“Thank you for being so forthright with me.”
“If we are to be friends, I hope for only honesty between us.”
His beautiful lips curved, and she wondered if it would be too inappropriate to mention the matter of their kissing. She had hoped he would have said something about them being more than friends. Whenever she had walked or picnicked with Lord Litchfield or other gentleman in the past, they had always hinted about being more than casual acquaintances, flirting and establishing the path of courtship. Lucan was doing neither and it flummoxed her.
I am a bastard, maybe he only wants a taste of a forbidden fruit.
She winced at her crude thoughts and tried to see some positive in their outing. He was here despite the rumors, and the impact it might have on his name. At least he was interested in learning more about her. Even Lord Litchfield had only ever asked superficial questions.
“I understand you have only recently arrived in town for the season.”
“Yes, I was in Dorset with my mother and spent some time in Norfolk with my brother. I am happiest at Sherring Cross, Sebastian’s ducal estate.”

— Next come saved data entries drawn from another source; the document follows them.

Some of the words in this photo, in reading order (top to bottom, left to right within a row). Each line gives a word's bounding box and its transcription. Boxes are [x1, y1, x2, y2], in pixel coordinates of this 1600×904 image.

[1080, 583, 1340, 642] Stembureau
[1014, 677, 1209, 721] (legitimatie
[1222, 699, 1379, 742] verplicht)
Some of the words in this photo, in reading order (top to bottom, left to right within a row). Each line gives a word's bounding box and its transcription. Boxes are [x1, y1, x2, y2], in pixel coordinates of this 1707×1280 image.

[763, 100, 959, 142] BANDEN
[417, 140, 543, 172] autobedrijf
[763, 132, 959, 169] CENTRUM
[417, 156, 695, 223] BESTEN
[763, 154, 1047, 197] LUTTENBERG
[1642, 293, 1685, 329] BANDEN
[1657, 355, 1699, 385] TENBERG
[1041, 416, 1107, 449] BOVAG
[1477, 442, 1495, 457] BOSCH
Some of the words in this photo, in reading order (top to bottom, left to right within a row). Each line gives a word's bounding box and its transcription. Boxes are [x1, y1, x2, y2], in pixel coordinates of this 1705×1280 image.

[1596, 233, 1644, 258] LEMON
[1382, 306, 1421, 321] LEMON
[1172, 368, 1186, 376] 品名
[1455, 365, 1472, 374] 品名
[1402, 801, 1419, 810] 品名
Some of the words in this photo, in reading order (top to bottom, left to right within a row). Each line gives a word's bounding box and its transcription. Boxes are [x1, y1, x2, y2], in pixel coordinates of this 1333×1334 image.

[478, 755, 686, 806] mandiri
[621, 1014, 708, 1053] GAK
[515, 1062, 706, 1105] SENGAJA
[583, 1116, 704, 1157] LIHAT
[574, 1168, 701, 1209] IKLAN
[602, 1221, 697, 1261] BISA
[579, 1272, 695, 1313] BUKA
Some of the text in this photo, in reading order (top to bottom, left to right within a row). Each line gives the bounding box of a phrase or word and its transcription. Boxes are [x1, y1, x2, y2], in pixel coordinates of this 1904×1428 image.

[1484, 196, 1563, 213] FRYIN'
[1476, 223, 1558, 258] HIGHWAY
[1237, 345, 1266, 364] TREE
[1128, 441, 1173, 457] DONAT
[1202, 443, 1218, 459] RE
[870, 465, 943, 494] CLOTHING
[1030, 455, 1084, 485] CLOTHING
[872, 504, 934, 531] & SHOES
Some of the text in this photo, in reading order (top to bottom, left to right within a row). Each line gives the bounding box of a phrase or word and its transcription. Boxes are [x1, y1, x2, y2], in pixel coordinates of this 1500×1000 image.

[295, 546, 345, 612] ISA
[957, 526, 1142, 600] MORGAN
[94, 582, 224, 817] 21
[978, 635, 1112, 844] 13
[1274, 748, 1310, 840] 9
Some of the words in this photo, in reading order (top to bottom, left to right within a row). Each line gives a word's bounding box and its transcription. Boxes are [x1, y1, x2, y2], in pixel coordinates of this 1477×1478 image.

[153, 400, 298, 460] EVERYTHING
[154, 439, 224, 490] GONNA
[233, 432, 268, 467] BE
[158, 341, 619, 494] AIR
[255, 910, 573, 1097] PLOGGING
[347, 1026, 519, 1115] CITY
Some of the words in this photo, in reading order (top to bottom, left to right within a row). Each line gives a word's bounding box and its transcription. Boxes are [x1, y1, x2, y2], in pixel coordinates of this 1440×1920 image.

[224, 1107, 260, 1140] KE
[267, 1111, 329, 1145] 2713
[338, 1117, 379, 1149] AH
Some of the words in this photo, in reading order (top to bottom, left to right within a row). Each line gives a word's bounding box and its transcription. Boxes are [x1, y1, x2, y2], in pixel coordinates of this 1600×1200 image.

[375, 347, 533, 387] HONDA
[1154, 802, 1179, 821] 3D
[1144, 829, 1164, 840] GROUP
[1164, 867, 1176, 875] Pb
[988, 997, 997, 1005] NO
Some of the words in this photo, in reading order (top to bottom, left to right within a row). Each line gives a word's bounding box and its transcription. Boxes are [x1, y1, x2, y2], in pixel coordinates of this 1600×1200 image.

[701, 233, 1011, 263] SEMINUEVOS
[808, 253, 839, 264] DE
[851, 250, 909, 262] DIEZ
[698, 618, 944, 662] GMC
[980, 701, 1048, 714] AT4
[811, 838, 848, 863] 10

He bit into the cold chicken sandwich, chewing thoughtfully. “Your brother, the duke, he is not in London now? Rumors speak of his reclusiveness,” he drawled, and Constance wondered if she imagined the menace in his tone.
“Hardly reclusive,” she said drily. “But Sebastian has no use for the frivolities of society. And like us, Your Grace, he is much used to foul rumors being in circulation about him. I wager he finds society irrelevant. But I think he is more enthralled with his duchess now than anything else.”
“Is that so?”
She tried to keep the wistfulness out of her voice. “It is a love match you know.”
“Is it?” he asked blandly.
“Hmmm,” she agreed reaching for an apple and biting into it. She swallowed before replying. “Jocelyn and Sebastian positively glow around each other. I am thrilled to see him so contented. He most assuredly deserves it.”
“You are fond of him?”
“I daresay it is the duty of every sister to love her brother, is it not?” she chuckled. “I love both my brothers. From when I was a child they were the slayers of my dragons. I cannot think of better men.”
His face closed even further, and she wondered what she had said.
“I have been thinking of returning to Sherring Cross, to the simplicity of the country air.” She watched his expression carefully, trying to see if he was alarmed about the possibility of her being too far for courtship. He was frustratingly bland, and the writing on the wall could not have been clearer to Constance. Lucan was not interested in her as a woman, and she slowly started to build a protective wall around her heart, stifling the hope that had been festering inside. She should have known better than to think a man of his stature would be interested in her when lesser titled men were not. She would gladly accept his friendship. But should she try and get him to fall in love with her so circumstances would not matter? She froze as the thought occurred to her. Was it possible, or was she being even more foolish?
“What did you do in the country? I assume your days were extremely tedious.”
“Not all the time, there I had a few friends,” she said on a laugh. At the lift of his brow she expounded. “When I was walking one day, I ended up wandering for miles. I came upon a little boy, Johnny, and we got to talking. It then became a habit for me to walk that path every day where we would meet by the lake. He was so happy, so full of good cheer, even though he had nothing. He had no parents, no siblings, and he lived with Mr. and Mrs. Benton, a kind, well-meaning couple who cared for children who were left alone in this world. Johnny invited me to visit his home and I did. I met several young girls and boys who shared similar birth circumstances to mine. But they had been abandoned, unwanted by their fathers and mothers. There I was being morose and dour because I lost the regard of people who didn’t care about me…and I had everything. I’d never been cold, never been hungry, and I had family that loved me. It was a startling realization, and it shamed me.”
“Shame?”
She winced. She had not meant to confess that. Her hands scrabbled in the grass until she found a stone and skipped it across the lake. She followed the ripples in the water until it disappeared. What she had felt was deeper than shame; she doubted she had any word for it. It was as if the veil to what was important had been shifted. And she had found herself lacking.
“Until my self-imposed exile, I felt as if everything I ever wanted existed here—with my ‘friends’. Balls, the opera, musicales, house parties, fashionable clothes, and even carriage rides. For years I had looked forward to my season, and when I was introduced last year, it had been the most thrilling time of my life. I shall miss it all dreadfully, of course, but I have come to see the shallowness of society, and how empty my life is. It shamed me to know if not for what I suffered, I would have been blissfully unaware of how much others endured, and I really had nothing to be so miserable about.”